Coupled representations learned from natural images

We applied HOCCA to two sets of images acquired with different illuminants, namely daylight-like CIE D65 and yellowish CIE A. HOCCA produced two sets of coupled filters, each one adapted to one of the illuminants. We compared HOCCA with three other statistical methods: Whitening by principal component analysis, ICA, and CCA. For HOCCA and CCA, the filters are learned together with their correspondence. For whitening and ICA, however, the filters are learned separately for each data set. We sought a correspondence after learning of the filters by finding pairs which had maximal mutual information.

Regarding the representations per data set, the mutual information reduction achieved by ICA and HOCCA is consistent with previously reported reductions for ICA in achromatic images [41], [42]. The filters learned by whitening and ICA are in line with previously reported results [13], [43], [44]. Further, our finding that ICA and HOCCA filters are less sensitive to chromatic than to achromatic gratings is consistent with sensitivity results in human vision [45].

Regarding correspondence, we found that, as HOCCA, CCA yielded a large amount of mutual information between the corresponding canonical coordinates even though CCA is only sensitive to linear correlations. The reason for this is two-fold: First, linear correlations contribute strongly to mutual information, see Figure 9, and CCA finds canonical coordinates which are maximally correlated. Second, even though CCA is only sensitive to linear correlations, this does not mean that the canonical coordinated obtained by CCA are Gaussian. In fact, Figure 7 shows that the marginals of the canonical coordinates of CCA are sparser than Gaussian random variables. This non-Gaussianity also contributes to mutual information.

Corresponding colors have been inferred from properties of natural images before [21]. The approach in the cited paper differs from the one in this paper in two main aspects: First, spatial information was not taken into account. Only the properties of the tristimulus pixel values were modeled. Second, the prediction of the corresponding colors was nonlinear. Compared to the linear methods used in this paper, nonlinear prediction is better suited to keep colors inside the chromatic diagram. Perceptually, this means that the nonlinear method avoids over-saturation of the predicted colors.

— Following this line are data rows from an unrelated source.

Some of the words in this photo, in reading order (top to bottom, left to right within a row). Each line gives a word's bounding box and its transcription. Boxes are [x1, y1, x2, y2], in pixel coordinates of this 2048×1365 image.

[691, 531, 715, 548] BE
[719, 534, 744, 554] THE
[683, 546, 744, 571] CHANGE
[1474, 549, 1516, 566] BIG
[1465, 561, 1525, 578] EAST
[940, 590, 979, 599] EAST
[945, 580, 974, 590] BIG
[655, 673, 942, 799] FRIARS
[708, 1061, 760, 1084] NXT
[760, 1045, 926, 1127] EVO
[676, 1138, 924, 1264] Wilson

Inspection of the predicted points in the chromatic diagram shows that the hues of the prediction, however, correspond better to the experimental data for HOCCA than for the nonlinear method.

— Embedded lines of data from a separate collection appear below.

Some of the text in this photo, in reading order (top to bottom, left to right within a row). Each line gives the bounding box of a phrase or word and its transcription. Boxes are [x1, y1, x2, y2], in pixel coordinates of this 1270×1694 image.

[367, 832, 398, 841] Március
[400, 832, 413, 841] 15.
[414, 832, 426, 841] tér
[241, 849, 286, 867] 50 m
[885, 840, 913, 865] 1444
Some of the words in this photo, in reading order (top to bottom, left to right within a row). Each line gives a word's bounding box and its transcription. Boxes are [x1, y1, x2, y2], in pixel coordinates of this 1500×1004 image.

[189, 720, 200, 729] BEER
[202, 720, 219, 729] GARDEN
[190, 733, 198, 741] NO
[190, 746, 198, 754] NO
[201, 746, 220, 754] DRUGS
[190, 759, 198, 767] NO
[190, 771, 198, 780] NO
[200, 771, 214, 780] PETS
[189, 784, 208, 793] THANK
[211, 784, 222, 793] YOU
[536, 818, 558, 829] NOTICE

In the joint learning of the features and the correspondence between them, HOCCA (and CCA) had access to the same images under two different illuminations. That is, the input data came labeled in terms of the illuminant (we used the superscripts A and D for the labeling). Furthermore, the objective function optimized in HOCCA consists of a sample average over several such observations. The visual system, however, is exposed to only one scene under one illumination at a time. While a sample average can be computed in an online fashion, assuming that the visual system has access to labeled input data is more problematic. However, information about the labels is often implicitly available and the labels can be inferred from it. For the inference of the labels, it is enough that the brain “knows” that an object under either of the two illuminations is the same (kind of) object. Such information about the identity of an object could be provided by top-down processes. For instance, when leaving a house with a red apple in the hand, the brain “knows” that the apple was not switched out but that the same object is in the hand both inside and outside, even though the radiance sensed by the eyes is different. This means that HOCCA should not be considered a mechanistic model of visual processing and adaptation; its neural implementation is left unspecified. Instead, HOCCA should be considered a normative theory based on statistical principles. It tells us what we can expect if efficiency and correspondence are optimized jointly, in case the same images under two different illuminations were available.

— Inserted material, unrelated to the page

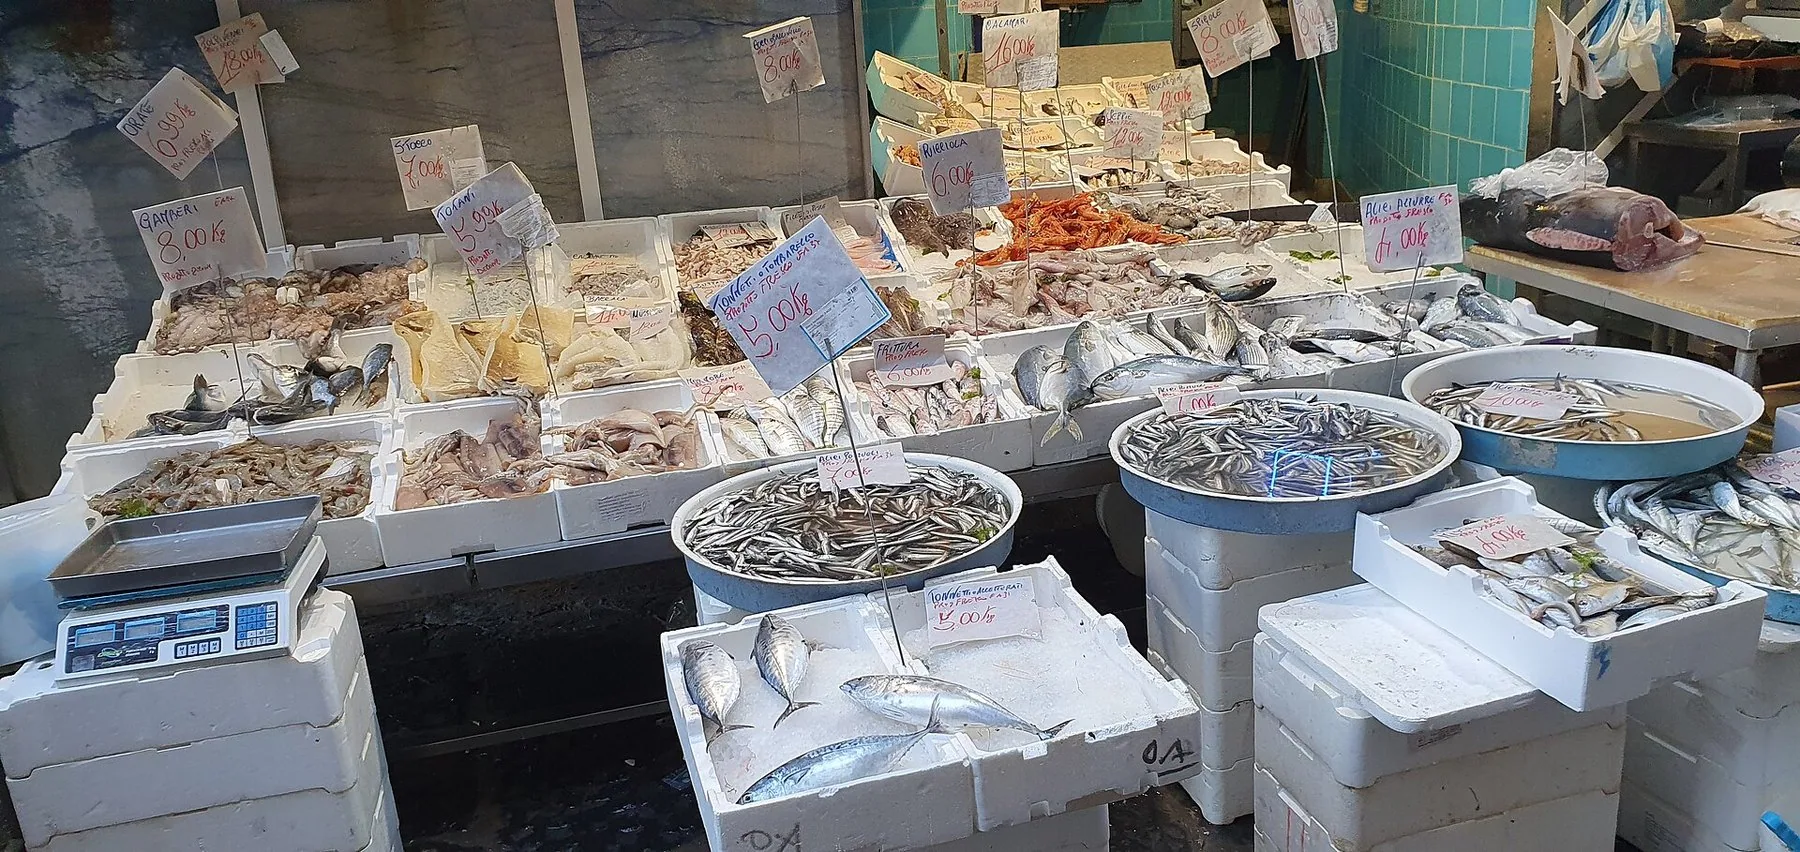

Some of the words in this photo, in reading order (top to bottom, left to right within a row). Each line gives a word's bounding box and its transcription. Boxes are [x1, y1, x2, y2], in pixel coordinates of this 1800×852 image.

Adaptation to changes in illumination is related to illuminant compensation or color constancy. To compensate for the illuminant, additional measurements can be used, like measurements from a white object in the surround [27], [46], [47], or measurements from a wide ensemble of neighboring surfaces [48][51]. Another approach consists in mapping illuminant-dependent images to a domain which is illuminant independent [17][19], [21], [52]. The mappings can be seen as transforms which, like HOCCA, take into account the different statistical properties of the images in the different acquisition conditions.

HOCCA allowed us to make a testable prediction about the response to spatio-chromatic stimuli when adapted to CIE D65 or CIE A illumination. The prediction can be thought to correspond to the best-case scenario where labeled data has shaped the properties of the neurons. Next, we discuss the relation of our prediction to the experiments performed in [24] and [33]. In [24], responses to patterns with chromatic modulation in rotated directions of the red-green (RG), yellow-blue (YB) plane using a fixed white adaptation point similar to D65 were measured. The responses were found to oscillate sinusoidally as the stimulus rotated in the RG-YB plane. In [33], similar measurements were used to investigate the effect of habituation to high chromatic contrast stimuli modulated in certain directions of the color space. Again, a D65-like white average was used. In the control situation of zero contrast habituation stimuli, sinusoidal responses as in the aforementioned results were obtained. For non-zero habituation, these oscillations were found to shift and scale depending on the presence of linear or non-linear interactions between the basic RG-YB sensors.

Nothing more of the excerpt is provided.